Infratest Dimap speaks of a changing electorate: ‘Traditionally, the AfD attracted far more men than women. This time, however, it was the most popular party among female voters’.
But also this political, social and electoral analysis firm found that in the previous Thuringian state elections in 2019, 53% of AfD supporters said they had switched to the party mainly out of disappointment with the establishment:
‘And only 39% did so because they thought it had the right answers.
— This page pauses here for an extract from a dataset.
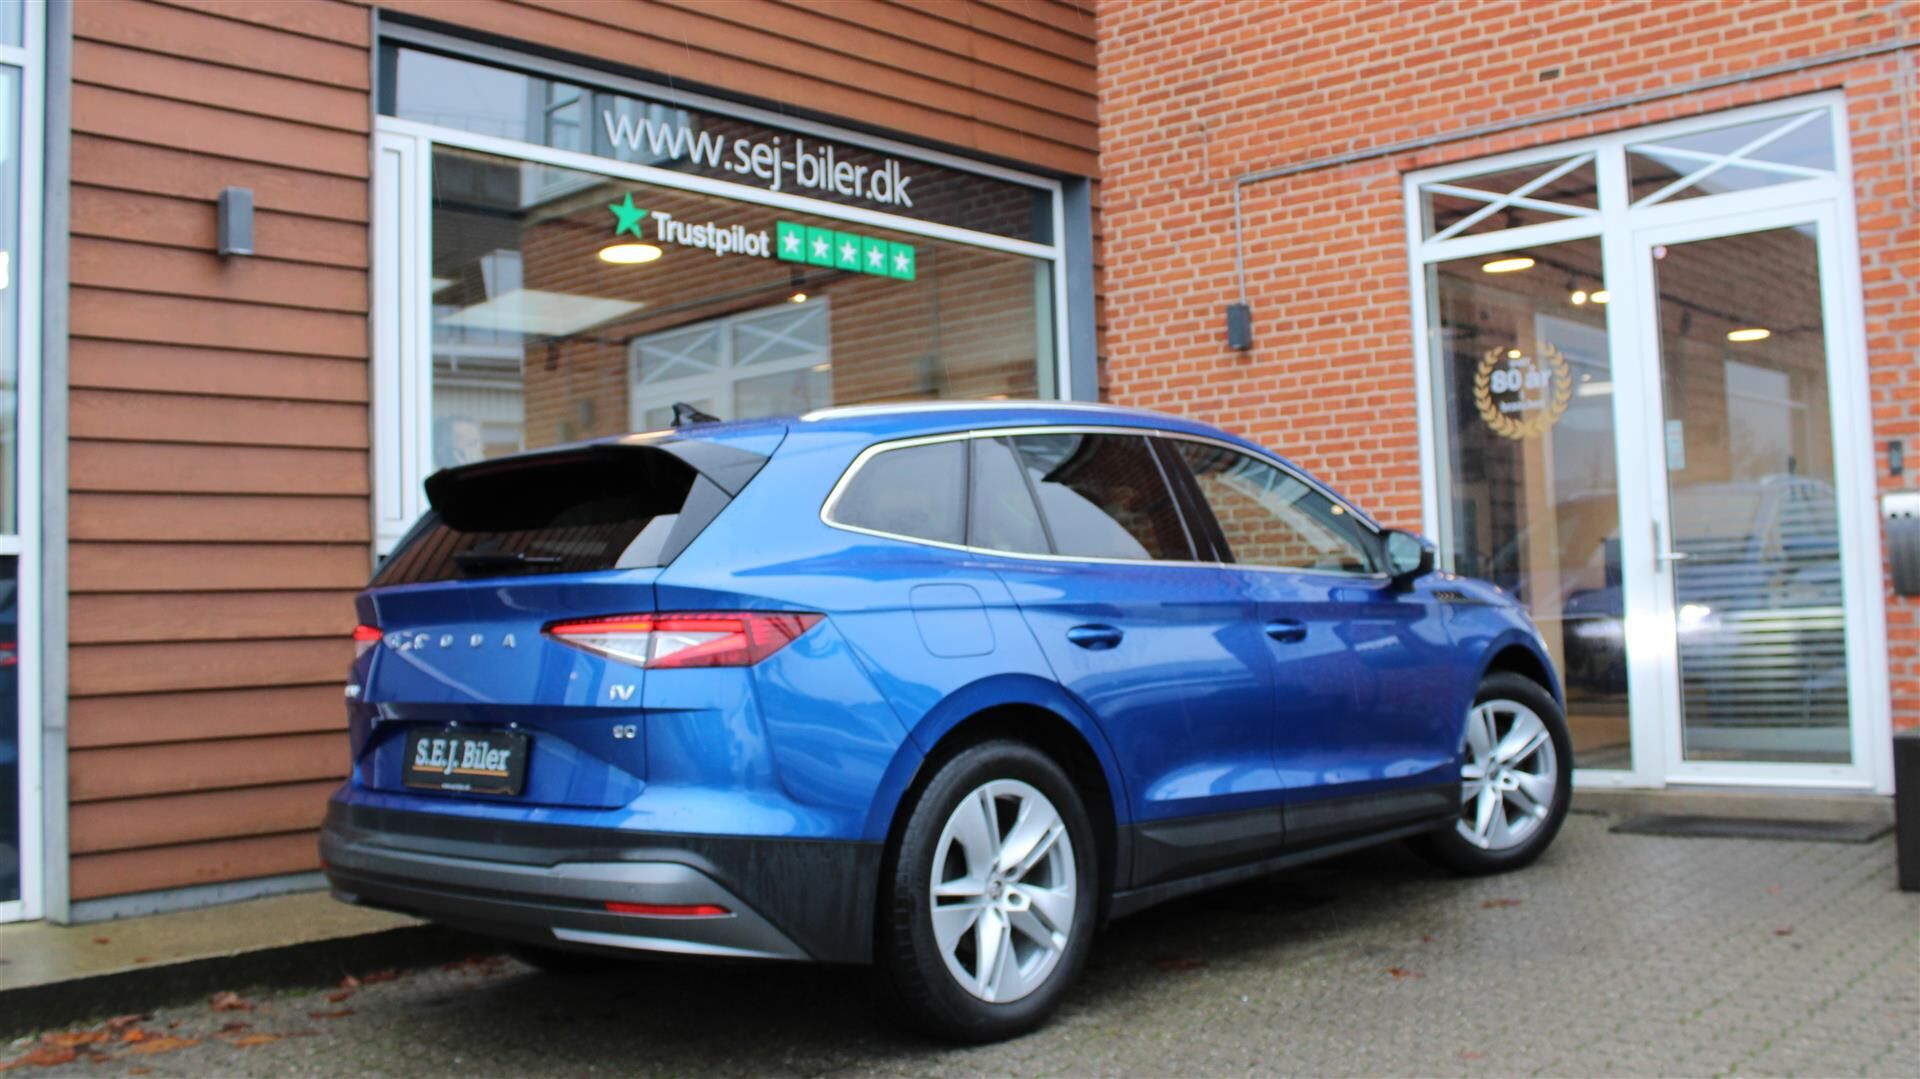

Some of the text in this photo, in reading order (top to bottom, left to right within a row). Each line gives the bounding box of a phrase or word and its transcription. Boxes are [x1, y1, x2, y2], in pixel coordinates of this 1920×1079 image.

[603, 110, 913, 207] www.sej-biler.dk
[652, 211, 770, 257] Trustpilot
[1491, 369, 1521, 393] 80
[415, 738, 511, 775] S.E.J. Biler
Now those proportions are reversed: 40% of those who voted AfD said they did so as a form of protest, while 52% said they did so out of conviction.
According to the exit poll, only a very small minority of these voters supported AfD because of its pro-Russian stance or its denial of climate change. ‘Instead, 36 per cent of them identified immigration as the most important issue and 35 per cent said that crime was their biggest concern’.
Likewise, there are other issues floating in the social and political environment such as: Germany's role supporting NATO against Putin or the sanctions against Russia and the negative effect on the pockets of German consumers of paying for gas and oil. more expensive as Russian energy sources are banned; or what to do about immigration and the acceptance of refugees.
Precisely, the Sahra Wagenknecht Alliance party (BSW), a recently created ultra-left group that has surprised by its good results, also demands more orderly and selective immigration.
Regarding the emergence of BSW on the political scene, the consulting firm Infratest Dimap speaks of another type of voters seduced by their idea of social justice and that the interests of Germans prevail over international interests as well as giving a larger budget for education. Most people over 60 years of age voted for this party, that is, especially Generation X.
Merkel: she saw it coming
Angela Merkel was chancellor of Germany, from 2005 to 2021, and chaired the German Christian Democratic Union (CDU) party from 2000 to 2018.
There are many who question the so-called Merkel era and believe that the current debacle is the legacy of this period of government; In particular, Merkel put her stamp on three issues: 1) Containing the rise of the extreme right; 2) bury Nazism; and, 3) reorganize immigration policy.
In all three there is a reasonable failure. Two years after leaving the government, the far-right with AfD experienced several important victories in medium-sized cities in 2023.
On June 25 last year, the AfD won a district in Sonneberg in the state of Thuringia for the first time; Then, on July 2, the far right won its first mayoralty in Raguhn, a city of 9,000 inhabitants located between Berlin and Leipzig.
Then, on October 8, the AfD made considerable progress in the regional elections in Hesse with 18.4 percent of the vote and in Bavaria with 14.6 percent. It had never before achieved such scores in the states of the former West Germany.
And finally, on December 17, its candidate Tim Lochner won the elections for mayor of Pirna, a city of 40 thousand inhabitants within the state of Saxony.
The success in the recent regional elections in Thuringia and Saxony is not surprising and is perhaps just a harbinger of what may happen next year in the general elections in Germany. The goal is now the Bundestag.
Almost a year before the general elections, the big question is whether Scholz will be able to withstand the pressure or end up dissolving the Bundestag and calling elections. In France, Macron tried to contain the advance of extremism by dissolving the Legislative Assembly and the result was very negative: he lost his prime minister, Gabriel Attal.